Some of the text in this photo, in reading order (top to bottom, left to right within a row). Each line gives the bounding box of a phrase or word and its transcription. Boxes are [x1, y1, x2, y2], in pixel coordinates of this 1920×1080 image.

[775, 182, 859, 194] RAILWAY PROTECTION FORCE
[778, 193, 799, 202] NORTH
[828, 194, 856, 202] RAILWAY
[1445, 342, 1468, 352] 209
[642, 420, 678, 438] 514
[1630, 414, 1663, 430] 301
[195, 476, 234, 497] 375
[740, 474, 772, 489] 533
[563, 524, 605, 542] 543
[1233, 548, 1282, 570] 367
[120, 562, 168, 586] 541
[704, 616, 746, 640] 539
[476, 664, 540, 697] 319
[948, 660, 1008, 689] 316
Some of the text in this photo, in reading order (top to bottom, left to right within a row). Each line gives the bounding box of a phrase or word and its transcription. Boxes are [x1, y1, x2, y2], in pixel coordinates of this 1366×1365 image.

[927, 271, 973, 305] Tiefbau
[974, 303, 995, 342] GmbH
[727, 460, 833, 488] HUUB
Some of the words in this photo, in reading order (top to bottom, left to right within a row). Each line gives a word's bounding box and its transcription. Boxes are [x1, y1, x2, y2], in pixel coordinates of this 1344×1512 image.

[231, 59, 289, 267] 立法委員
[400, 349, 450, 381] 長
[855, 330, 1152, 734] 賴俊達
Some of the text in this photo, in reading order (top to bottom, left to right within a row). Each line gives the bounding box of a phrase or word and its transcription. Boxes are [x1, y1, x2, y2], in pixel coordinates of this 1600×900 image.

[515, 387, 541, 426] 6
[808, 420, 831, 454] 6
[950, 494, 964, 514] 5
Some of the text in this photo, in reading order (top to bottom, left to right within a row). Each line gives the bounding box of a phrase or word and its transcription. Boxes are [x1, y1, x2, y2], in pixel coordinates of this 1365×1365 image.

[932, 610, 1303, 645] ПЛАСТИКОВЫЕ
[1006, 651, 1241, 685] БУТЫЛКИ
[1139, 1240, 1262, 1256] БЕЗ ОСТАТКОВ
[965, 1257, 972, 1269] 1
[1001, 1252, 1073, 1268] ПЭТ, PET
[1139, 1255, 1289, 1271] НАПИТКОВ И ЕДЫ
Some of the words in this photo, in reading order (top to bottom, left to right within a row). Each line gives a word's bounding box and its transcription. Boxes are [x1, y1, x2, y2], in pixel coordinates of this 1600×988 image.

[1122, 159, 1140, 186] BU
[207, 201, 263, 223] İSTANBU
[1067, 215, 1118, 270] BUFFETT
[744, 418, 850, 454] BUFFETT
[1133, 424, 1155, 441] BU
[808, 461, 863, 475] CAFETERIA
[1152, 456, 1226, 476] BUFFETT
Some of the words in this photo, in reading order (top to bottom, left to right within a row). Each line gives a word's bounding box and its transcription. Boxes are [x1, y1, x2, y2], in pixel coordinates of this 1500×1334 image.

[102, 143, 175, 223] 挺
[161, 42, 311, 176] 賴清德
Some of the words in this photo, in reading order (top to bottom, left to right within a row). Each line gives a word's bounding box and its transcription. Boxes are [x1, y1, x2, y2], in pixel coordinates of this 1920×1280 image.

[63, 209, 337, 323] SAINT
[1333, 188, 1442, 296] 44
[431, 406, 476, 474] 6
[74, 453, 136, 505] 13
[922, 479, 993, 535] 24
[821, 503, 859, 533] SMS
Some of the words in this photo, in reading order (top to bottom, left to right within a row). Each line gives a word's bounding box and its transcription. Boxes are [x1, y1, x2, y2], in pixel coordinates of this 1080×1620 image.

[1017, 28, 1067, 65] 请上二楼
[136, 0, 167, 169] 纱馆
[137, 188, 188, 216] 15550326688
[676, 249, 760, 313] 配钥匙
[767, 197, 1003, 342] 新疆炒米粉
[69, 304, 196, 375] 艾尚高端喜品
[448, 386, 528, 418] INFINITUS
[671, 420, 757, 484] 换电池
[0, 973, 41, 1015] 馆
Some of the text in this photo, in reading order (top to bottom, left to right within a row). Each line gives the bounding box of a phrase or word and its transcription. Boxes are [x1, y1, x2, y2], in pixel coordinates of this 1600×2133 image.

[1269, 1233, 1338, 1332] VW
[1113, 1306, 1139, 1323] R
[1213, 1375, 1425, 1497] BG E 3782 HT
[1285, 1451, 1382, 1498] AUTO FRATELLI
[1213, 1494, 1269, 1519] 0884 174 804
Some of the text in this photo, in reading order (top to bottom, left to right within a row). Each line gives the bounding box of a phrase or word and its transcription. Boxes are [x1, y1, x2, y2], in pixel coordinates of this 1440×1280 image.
━━━━━━━━
> _Exercise directions_
Print out an identical copy of the whole listing.

> _Output of the task_
Some of the text in this photo, in reading order (top to bottom, left to right within a row). Each line gives the bounding box of a phrase or word and its transcription. Boxes are [x1, y1, x2, y2], in pixel coordinates of this 1920×1080 image.

[775, 182, 859, 194] RAILWAY PROTECTION FORCE
[778, 193, 799, 202] NORTH
[828, 194, 856, 202] RAILWAY
[1445, 342, 1468, 352] 209
[642, 420, 678, 438] 514
[1630, 414, 1663, 430] 301
[195, 476, 234, 497] 375
[740, 474, 772, 489] 533
[563, 524, 605, 542] 543
[1233, 548, 1282, 570] 367
[120, 562, 168, 586] 541
[704, 616, 746, 640] 539
[476, 664, 540, 697] 319
[948, 660, 1008, 689] 316
Some of the text in this photo, in reading order (top to bottom, left to right within a row). Each line gives the bounding box of a phrase or word and its transcription. Boxes are [x1, y1, x2, y2], in pixel coordinates of this 1366×1365 image.

[927, 271, 973, 305] Tiefbau
[974, 303, 995, 342] GmbH
[727, 460, 833, 488] HUUB
Some of the words in this photo, in reading order (top to bottom, left to right within a row). Each line gives a word's bounding box and its transcription. Boxes are [x1, y1, x2, y2], in pixel coordinates of this 1344×1512 image.

[231, 59, 289, 267] 立法委員
[400, 349, 450, 381] 長
[855, 330, 1152, 734] 賴俊達
Some of the text in this photo, in reading order (top to bottom, left to right within a row). Each line gives the bounding box of a phrase or word and its transcription. Boxes are [x1, y1, x2, y2], in pixel coordinates of this 1600×900 image.

[515, 387, 541, 426] 6
[808, 420, 831, 454] 6
[950, 494, 964, 514] 5
Some of the text in this photo, in reading order (top to bottom, left to right within a row). Each line gives the bounding box of a phrase or word and its transcription. Boxes are [x1, y1, x2, y2], in pixel coordinates of this 1365×1365 image.

[932, 610, 1303, 645] ПЛАСТИКОВЫЕ
[1006, 651, 1241, 685] БУТЫЛКИ
[1139, 1240, 1262, 1256] БЕЗ ОСТАТКОВ
[965, 1257, 972, 1269] 1
[1001, 1252, 1073, 1268] ПЭТ, PET
[1139, 1255, 1289, 1271] НАПИТКОВ И ЕДЫ
Some of the words in this photo, in reading order (top to bottom, left to right within a row). Each line gives a word's bounding box and its transcription. Boxes are [x1, y1, x2, y2], in pixel coordinates of this 1600×988 image.

[1122, 159, 1140, 186] BU
[207, 201, 263, 223] İSTANBU
[1067, 215, 1118, 270] BUFFETT
[744, 418, 850, 454] BUFFETT
[1133, 424, 1155, 441] BU
[808, 461, 863, 475] CAFETERIA
[1152, 456, 1226, 476] BUFFETT
Some of the words in this photo, in reading order (top to bottom, left to right within a row). Each line gives a word's bounding box and its transcription. Boxes are [x1, y1, x2, y2], in pixel coordinates of this 1500×1334 image.

[102, 143, 175, 223] 挺
[161, 42, 311, 176] 賴清德
Some of the words in this photo, in reading order (top to bottom, left to right within a row). Each line gives a word's bounding box and its transcription. Boxes are [x1, y1, x2, y2], in pixel coordinates of this 1920×1280 image.

[63, 209, 337, 323] SAINT
[1333, 188, 1442, 296] 44
[431, 406, 476, 474] 6
[74, 453, 136, 505] 13
[922, 479, 993, 535] 24
[821, 503, 859, 533] SMS
Some of the words in this photo, in reading order (top to bottom, left to right within a row). Each line gives a word's bounding box and its transcription. Boxes are [x1, y1, x2, y2], in pixel coordinates of this 1080×1620 image.

[1017, 28, 1067, 65] 请上二楼
[136, 0, 167, 169] 纱馆
[137, 188, 188, 216] 15550326688
[676, 249, 760, 313] 配钥匙
[767, 197, 1003, 342] 新疆炒米粉
[69, 304, 196, 375] 艾尚高端喜品
[448, 386, 528, 418] INFINITUS
[671, 420, 757, 484] 换电池
[0, 973, 41, 1015] 馆
Some of the text in this photo, in reading order (top to bottom, left to right within a row). Each line gives the bounding box of a phrase or word and its transcription. Boxes are [x1, y1, x2, y2], in pixel coordinates of this 1600×2133 image.

[1269, 1233, 1338, 1332] VW
[1113, 1306, 1139, 1323] R
[1213, 1375, 1425, 1497] BG E 3782 HT
[1285, 1451, 1382, 1498] AUTO FRATELLI
[1213, 1494, 1269, 1519] 0884 174 804
Some of the text in this photo, in reading order (top to bottom, left to right within a row). Each line gives the bounding box of a phrase or word and its transcription. Boxes are [x1, y1, x2, y2], in pixel coordinates of this 1440×1280 image.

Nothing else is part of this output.